Tomorrow, when iHeartMedia's bill for $250 million in "legacy note" debt for this year is due, it won't be paying itself. If that's confusing, well... it should be.

Today, a bill for $250 million in “legacy note” debt is due for payment from iHeartMedia — but the company won’t be paying itself. If that’s confusing, well… it should be.

Let’s back up. San Antonio, Texas-based iHeartMedia is $20.45 billion dollars in debt, which it is strategically paying off as the various due dates on the agreements mature. (Head here for a full explanation of iHeart’s corporate structure and the origins of this truly massive debt load.) On Friday, $250 million “legacy notes” will come calling, $57.1 million of which iHeart owes to its own subsidiary, Clear Channel Holdings, Inc. But, in an SEC filing, the company says it will only be paying outside creditors the $192.9 million it owes them.

The company also recently announced that various lenders had agreed to take — through a process called “consent solicitation” — an aggregate payment $1.729 million in order to green-light a change in terms on their share of iHeart’s debt, which is due for payment in 2021. The altered terms were either not made public or not yet determined. Another consent solicitation, for $2.59 million, was rejected.

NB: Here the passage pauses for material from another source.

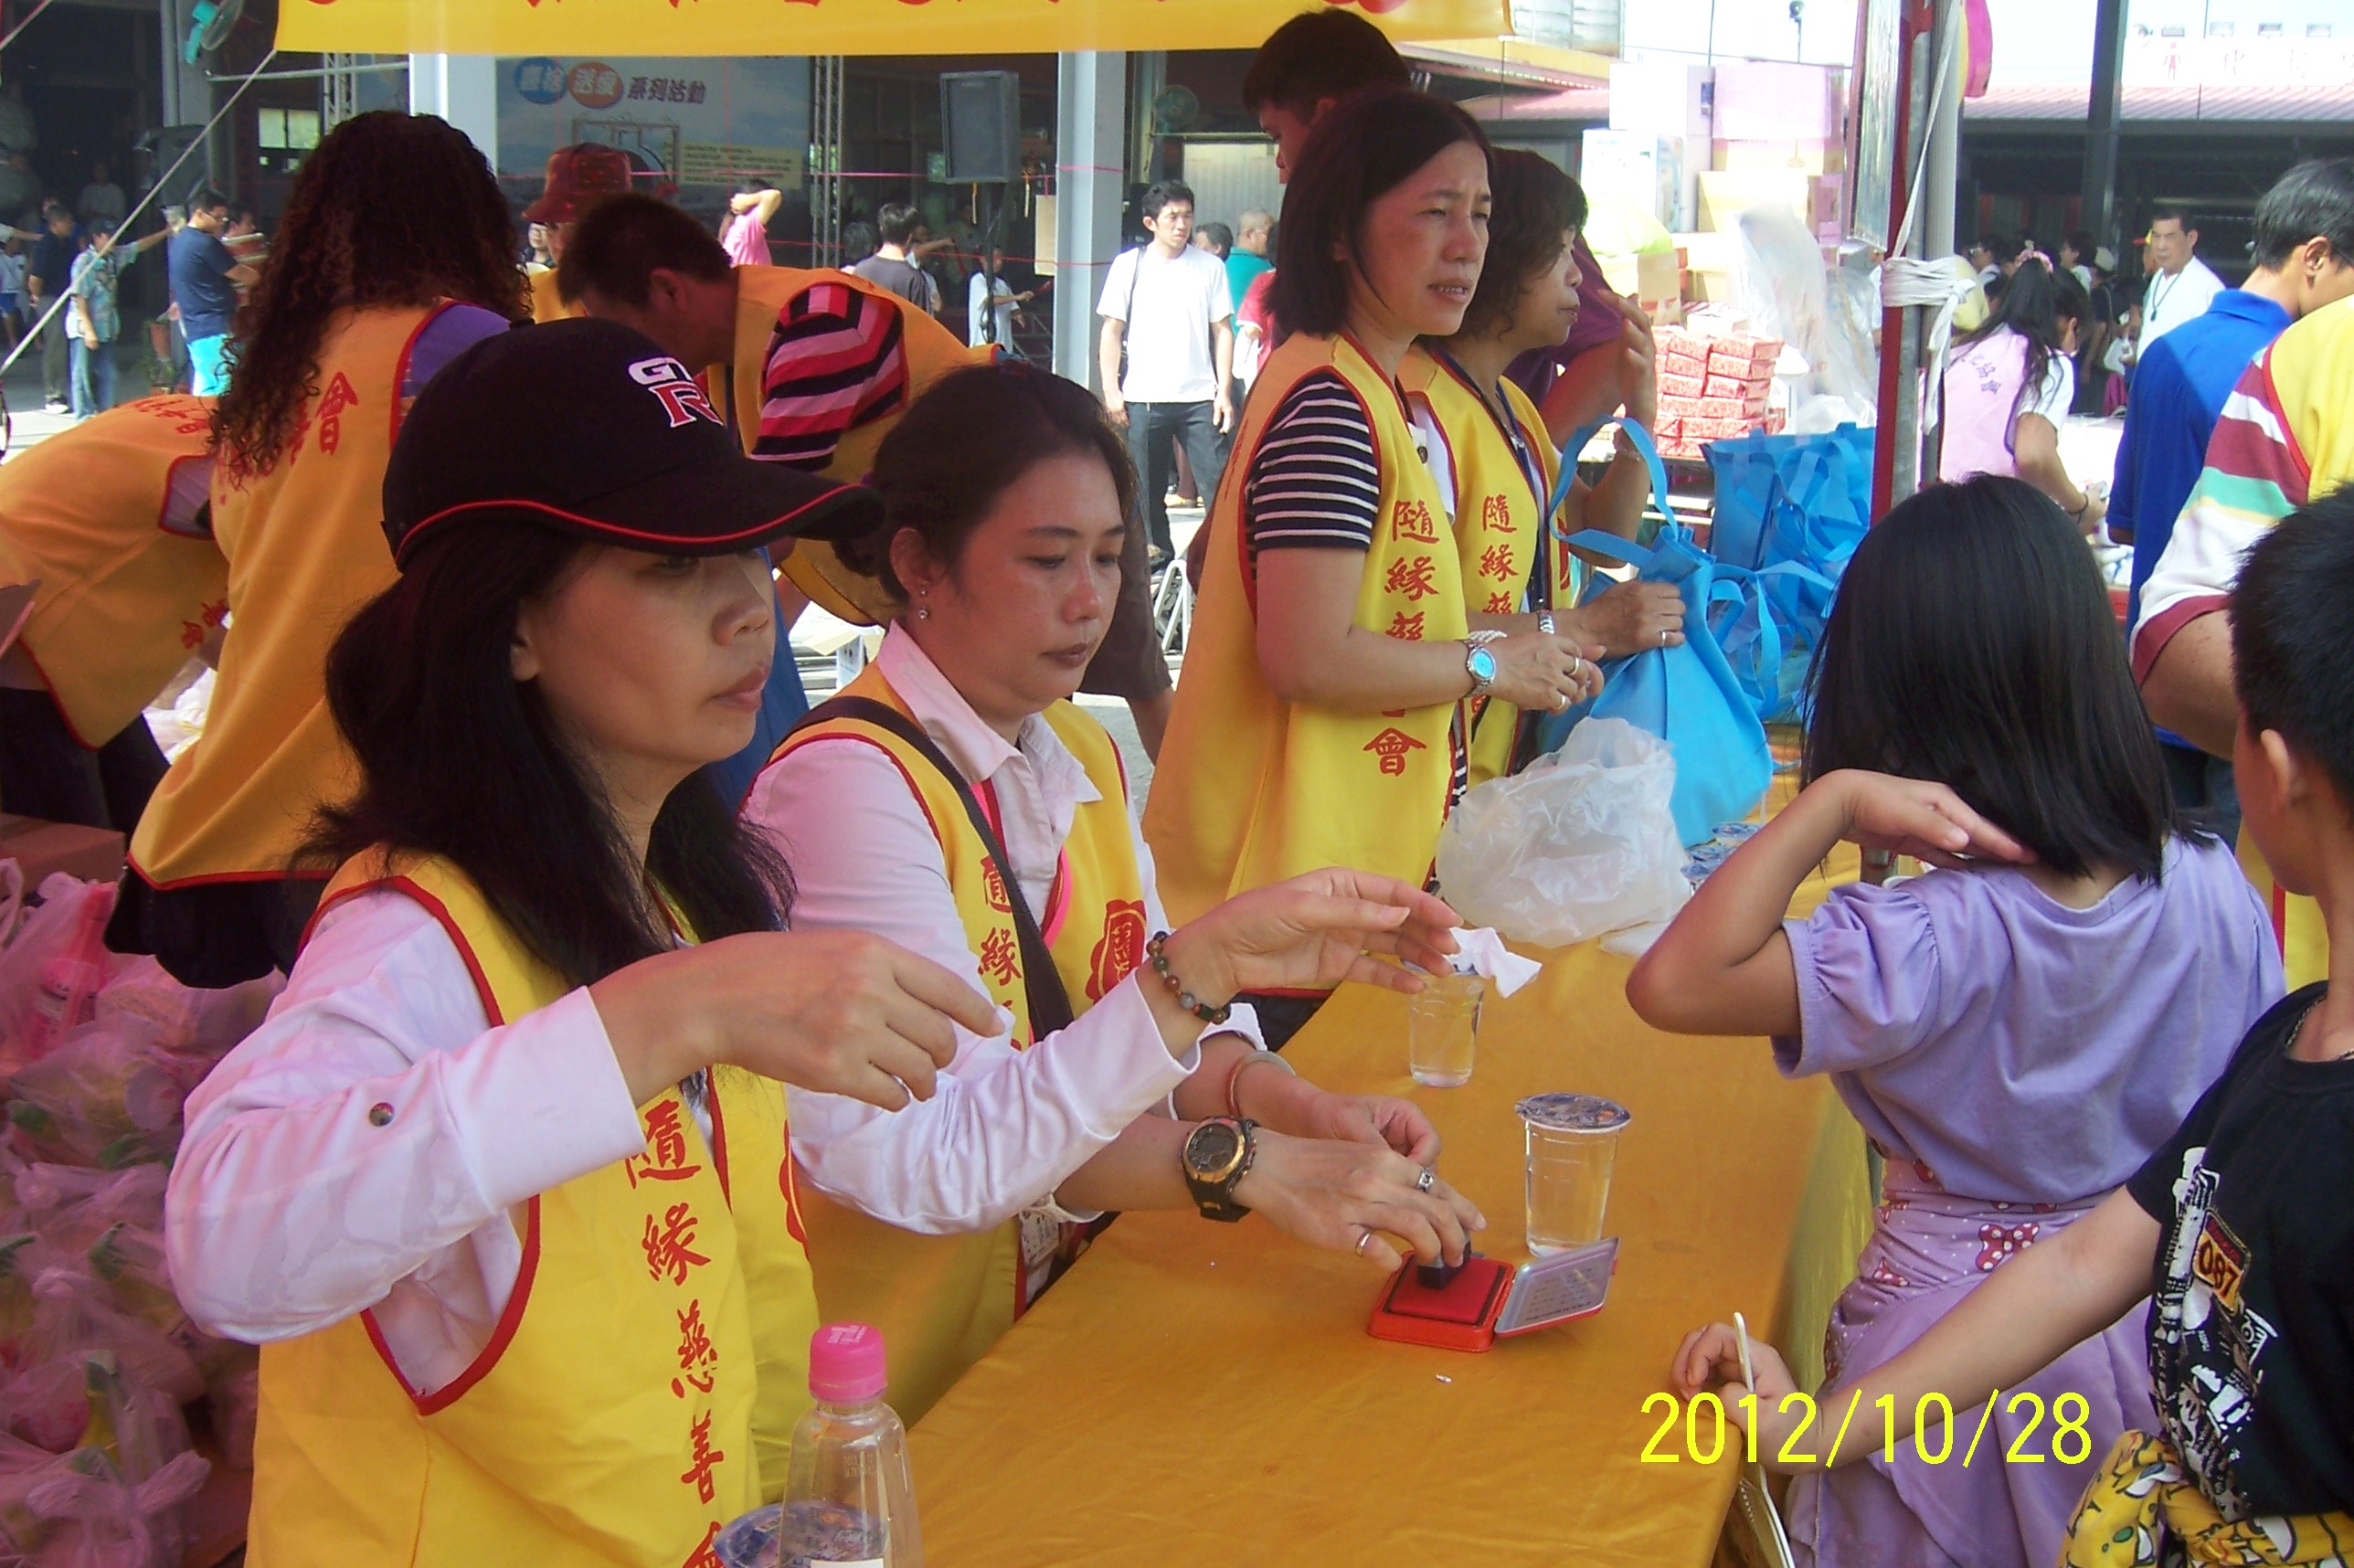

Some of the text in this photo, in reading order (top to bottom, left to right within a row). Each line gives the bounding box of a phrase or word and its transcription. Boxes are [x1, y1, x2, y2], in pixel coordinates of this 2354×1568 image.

Bankruptcy for the company is not off the table, nor would a significant bailout from a larger company that would seek to control a large chunk of the company. “You can assume that’s certainly entered the conversation,” Dave Novosel of finance analyst Gimme Credit tells Billboard. Fitch Rating Agency downgraded iHeart on Dec. 9, citing the company’s debt.

iHeart has been both growing and trimming; it sold some radio towers for $369 million (and then leased them at an undisclosed rate, so its radio stations could broadcast), but it also debuted iHeartLatino, a new division, in September. A few weeks ago, it debuted its own all-you-can-eat streaming service.

The piper will truly start playing in 2019 when, according to a Bloomberg source earlier this year, $8.3 billion of senior debt will be due for repayment.

When reached for comment, an iHeartMedia rep sent this statement to Billboard: “The strength in our operating business gives us the ability to deal with our capital structure, and we are focused on taking additional steps in order to support the long-term growth of this unique multi-platform company.”